Although now you mention it, it was probably the Jumar I was thinking of...
 

bograt

Active member
Duh, my brains going as well :confused:, wasn't the Clogger a predecessor of the Croll, pressed steel, made by Petzl? they put a bend in the attachment points so it fitted more snugly on the chest and called it a Croll. (or have I pickled more brain cells than I thought?) :confused:
 

Fulk

Well-known member
Cloggers were British made, but I guess in their basic shape they could have been the forerunner (?) of all jammers such as the Petzl hand-jammer and Croll.
 

bograt

Active member
Aah, something stirs in the depths of the old grey matter, something about a climbing gear manufacturer from North Wales, (Clogwyn), or is that another Boggy Fantasy?? :cry: :cry:
 

Fulk

Well-known member
Hence the name, bograt!

By the way, does anyone else have a problem with the spell-checker on this site? e.g., it wouldn't allow me at first to write 'bograt' but changed it to 'bog rat' . . . my typing's bad enough without having to cope with some stupid ghost in the machine.
 

bograt

Active member
Thanks for that implied confidence in my demented memory Fulk! (y),

Heres another one;
One of them, either Clog or Petzl, had a grooved cam, as opposed to the dimpled one that came later, totally useless when they were "cacked up" on a muddy nylon hawserlay climbing rope. I admit I needed assistance to get up a deep mine shaft on the Great Orme because the bloody things just would not grip!!
I hasten to add that it was not a callout, my team had it sorted and the hauling team consisted of 4 admirable ladies and two males, Special Thanks to Liz Taylor for that one! :) :) :) (y)

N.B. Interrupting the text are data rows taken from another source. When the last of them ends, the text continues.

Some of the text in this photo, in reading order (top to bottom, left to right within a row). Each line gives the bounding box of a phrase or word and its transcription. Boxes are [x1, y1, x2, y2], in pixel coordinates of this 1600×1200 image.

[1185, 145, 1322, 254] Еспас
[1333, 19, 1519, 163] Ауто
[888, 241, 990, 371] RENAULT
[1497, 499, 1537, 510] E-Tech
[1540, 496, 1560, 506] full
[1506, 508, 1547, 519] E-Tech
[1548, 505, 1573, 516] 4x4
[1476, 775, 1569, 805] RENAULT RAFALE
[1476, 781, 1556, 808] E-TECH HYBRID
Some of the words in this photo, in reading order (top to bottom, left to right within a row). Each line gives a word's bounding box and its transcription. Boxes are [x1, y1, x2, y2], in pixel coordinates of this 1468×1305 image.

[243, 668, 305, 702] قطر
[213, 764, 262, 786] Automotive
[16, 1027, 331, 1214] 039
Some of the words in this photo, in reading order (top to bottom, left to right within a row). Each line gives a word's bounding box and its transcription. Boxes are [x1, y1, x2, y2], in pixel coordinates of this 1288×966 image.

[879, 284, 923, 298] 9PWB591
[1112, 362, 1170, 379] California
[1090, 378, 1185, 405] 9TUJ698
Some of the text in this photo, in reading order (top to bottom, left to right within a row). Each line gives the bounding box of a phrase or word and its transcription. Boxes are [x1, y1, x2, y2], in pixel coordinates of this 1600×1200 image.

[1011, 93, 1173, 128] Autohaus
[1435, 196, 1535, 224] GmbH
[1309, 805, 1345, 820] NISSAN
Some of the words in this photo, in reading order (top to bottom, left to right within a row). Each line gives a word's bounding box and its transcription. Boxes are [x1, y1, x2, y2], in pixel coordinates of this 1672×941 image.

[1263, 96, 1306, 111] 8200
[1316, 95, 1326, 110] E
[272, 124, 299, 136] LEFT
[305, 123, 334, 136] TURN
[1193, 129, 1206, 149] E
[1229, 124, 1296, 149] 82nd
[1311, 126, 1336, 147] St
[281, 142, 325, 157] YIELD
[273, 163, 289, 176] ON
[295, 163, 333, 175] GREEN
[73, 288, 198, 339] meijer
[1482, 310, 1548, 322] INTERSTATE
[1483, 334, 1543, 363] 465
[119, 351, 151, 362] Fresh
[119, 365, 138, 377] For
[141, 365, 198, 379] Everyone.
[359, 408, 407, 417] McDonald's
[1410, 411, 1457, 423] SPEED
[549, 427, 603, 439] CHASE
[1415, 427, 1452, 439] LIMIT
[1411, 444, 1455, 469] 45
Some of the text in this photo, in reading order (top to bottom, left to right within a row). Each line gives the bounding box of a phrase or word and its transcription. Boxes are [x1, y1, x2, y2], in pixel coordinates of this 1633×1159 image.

Forgot to mention, whilst this was going on, someone decided to test how deep the shaft was by the traditional method, even small pebbles make a disconcerting sound as they pass by your ears after about 300ft! :mad:

P.S. We entered the shaft partway down through the climbing shaft entrance, I was the mug sent down the bottom half of the engine shaft looking for the sough.
 

paul

Moderator
Les W said:
Didn't they also randomly break in half for no good reason...  :-\

I never heard fo the happening with Cloggers. Jumars certainly were prone to fracturing and were often backed-up with some nylon tape wrapped around the frame.